┌──

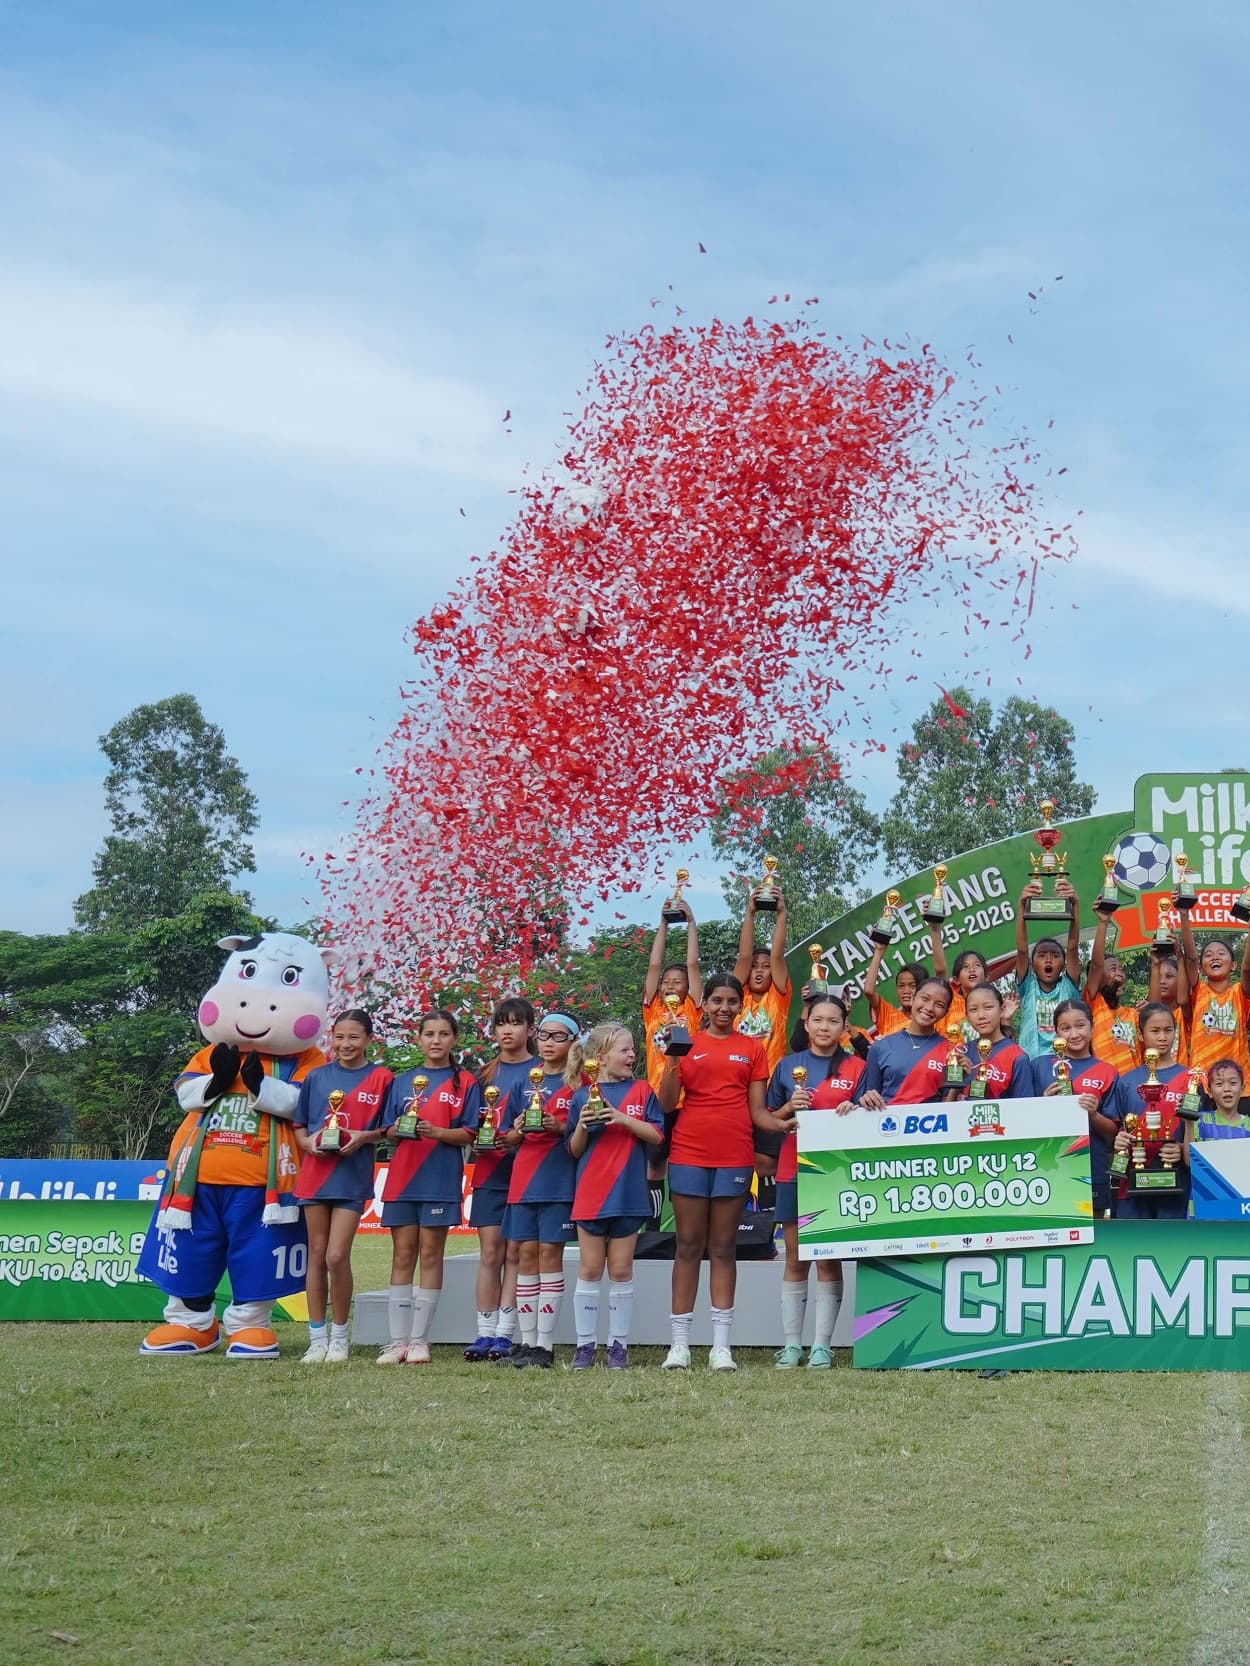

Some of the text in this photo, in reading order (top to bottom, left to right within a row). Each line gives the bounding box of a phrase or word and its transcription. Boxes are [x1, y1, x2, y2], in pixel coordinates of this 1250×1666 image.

[909, 900, 1015, 962] 205-2026
[893, 951, 906, 966] 1
[830, 1079, 854, 1090] BSJ
[219, 1097, 257, 1117] Milk
[358, 1091, 379, 1105] BSJ
[439, 1092, 462, 1108] BSJ
[556, 1098, 571, 1109] BS
[1165, 1091, 1184, 1105] BS
[975, 1105, 997, 1116] Milk
[979, 1115, 999, 1125] Life
[221, 1113, 256, 1133] Life
[904, 1114, 948, 1134] BCA
[851, 1152, 1037, 1181] RUNNER UP KU 12
[839, 1177, 1051, 1222] Rp 1.800.000
[47, 1231, 123, 1259] Sepak
[272, 1243, 307, 1279] 10
[0, 1259, 34, 1286] KU
[39, 1263, 64, 1281] 10
[70, 1260, 89, 1283] &
[95, 1260, 130, 1287] KU
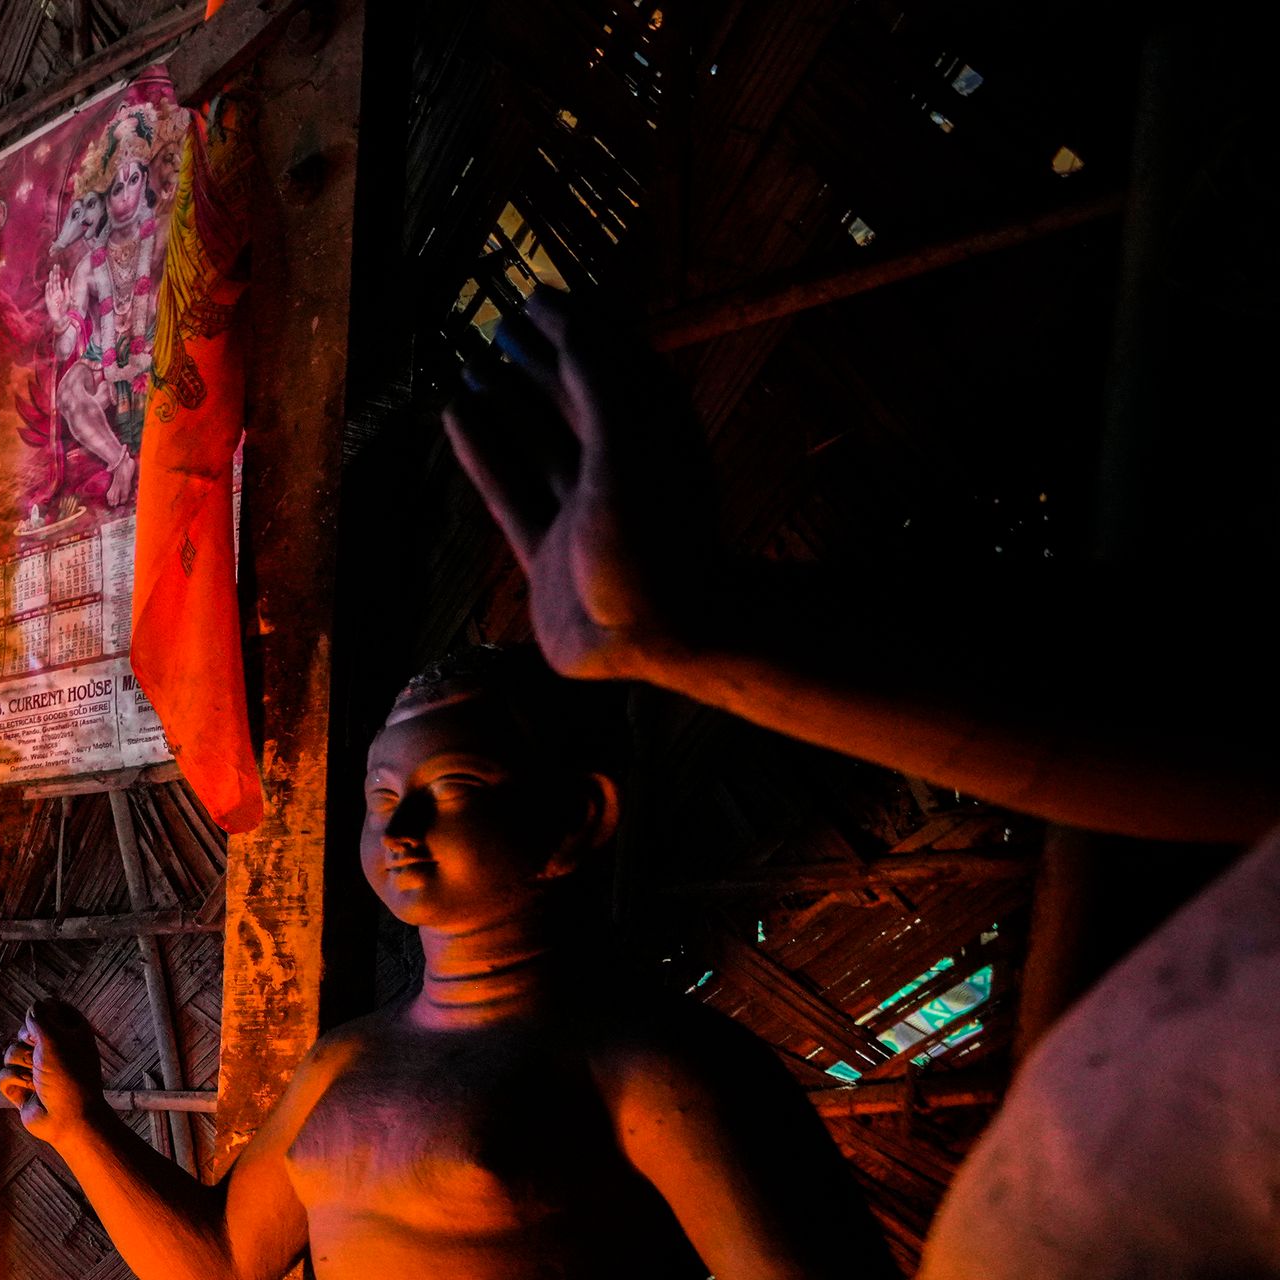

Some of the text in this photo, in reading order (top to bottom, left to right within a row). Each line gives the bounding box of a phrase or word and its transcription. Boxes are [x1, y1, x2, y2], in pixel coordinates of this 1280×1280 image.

[9, 690, 64, 714] CURRENT
[68, 679, 113, 702] HOUSE
[0, 715, 42, 731] ELECTRICALS
[43, 710, 68, 723] GOODS
[69, 706, 88, 717] SOLD
[90, 703, 109, 714] HERE

└──

TASK INSTRUCTIONS: Copy each line exactly, from the line containing "this 1280×1280 image." down to the last line of the material, and no other lines.

ANSWER AREA:
Some of the text in this photo, in reading order (top to bottom, left to right within a row). Each line gives the bounding box of a phrase or word and its transcription. Boxes are [x1, y1, x2, y2], in pixel coordinates of this 1280×1280 image.

[9, 690, 64, 714] CURRENT
[68, 679, 113, 702] HOUSE
[0, 715, 42, 731] ELECTRICALS
[43, 710, 68, 723] GOODS
[69, 706, 88, 717] SOLD
[90, 703, 109, 714] HERE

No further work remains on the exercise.